Tip 4: Place Bellecour
It is one of the largest squares in France, it is the central point of Lyon and it is reserved for pedestrians. In the center of Place Bellecour stands the great equestrian statue of Louis XIV on its pedestal.
What makes it special is the open space in the middle of the very densely built-up Lyon center. Here you simply have space, to stroll, dawdle and perhaps just let your thoughts run free. After the Place de la Concorde in Paris and the Place des Quinconces in Bordeaux, the Place Bellecour is the third largest square in France.
On special occasions, the square hosts events such as concerts or exhibitions, and in winter, an ice skating rink is often set up. The square is also popular for demonstrations and their rallies.
Those who go shopping in Lyon will probably also pass by here. Place Bellecour is the starting point for Lyon’s two main shopping streets: Rue de la République leading north to the Hôtel de Ville, and Rue Victor Hugo leading south towards Perrache.
By the way, Place Bellecour is Lyon’s “zero kilometer point”: all distances to and from Lyon are measured up to here. And it is a popular meeting place: Lyonians like to arrange meetings at the equestrian statue under the tail of the horse.
In the center of Place Bellecour is the bronze equestrian statue of Louis XIV. A first statue was destroyed in the course of the French Revolution, the present one was erected in 1825 by the sculptor Francois-Frédéric Lemot.
In the very southeast of the square, Antoine de Saint-Exupéry and the Little Prince sit on a white marble column. Quotes from the book can be read on the column.

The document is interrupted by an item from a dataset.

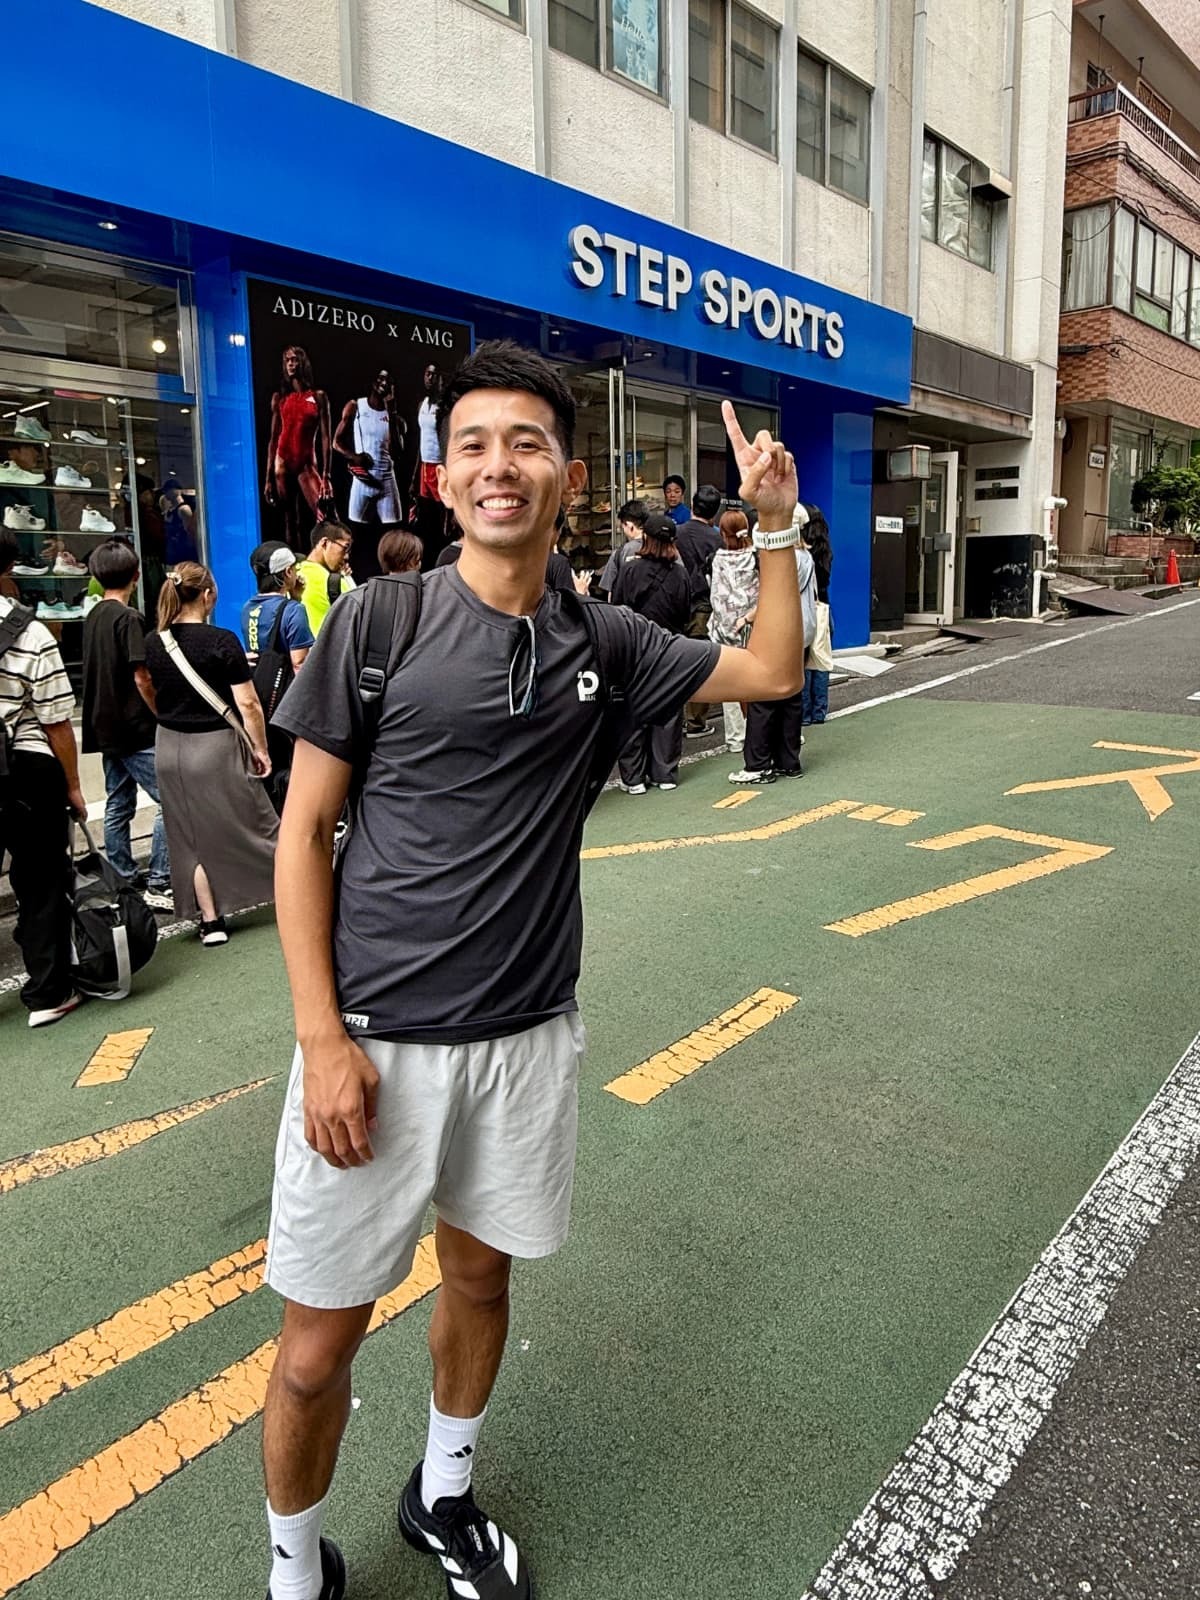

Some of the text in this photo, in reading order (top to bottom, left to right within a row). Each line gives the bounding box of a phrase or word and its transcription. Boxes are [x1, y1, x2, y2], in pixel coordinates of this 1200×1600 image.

[569, 224, 844, 359] STEP SPORTS
[272, 296, 375, 333] ADIZERO
[410, 325, 454, 349] AMG
[248, 617, 260, 650] 2025

Tip 5: Ancient Roman Amphitheaters
Since Roman times, when Lyon was still called Lugdunum, the two amphitheaters have been built high up in the Fourvière Mountain. The fact that they are right next to each other is a real peculiarity. The ancient theaters in Lyon can be visited. In the summer, the Gallo-Roman theaters host concerts and theatrical performances every year.
The two impressive theaters, the smaller Odeon and the larger ancient theater, form a remarkable Gallo-Roman double. A visit is a real highlight: standing amidst the ancient ruins on top of the Fourvière hill, you can enjoy not only the ancient walls but also the impressive view over the rooftops of Lyon.
The Lugdunum Museum is also located on the site, where you can marvel at finds from the time of the Romans in Lyon. This is because the city center was located here at that time.
The large ancient Roman theater is impressive: its diameter is 108 meters, after extensions it is said that it could have accommodated a total of about 10,000 spectators.
Mostly plays were performed: Mostly comedies, which were accompanied by dances.
The Odeon (Odéon antique de Lyon) is the smaller theater, with its diameter of 73 meters it offered space for about 3000 people. Here, among other things, concerts or declamations (ancient exercise speeches) took place.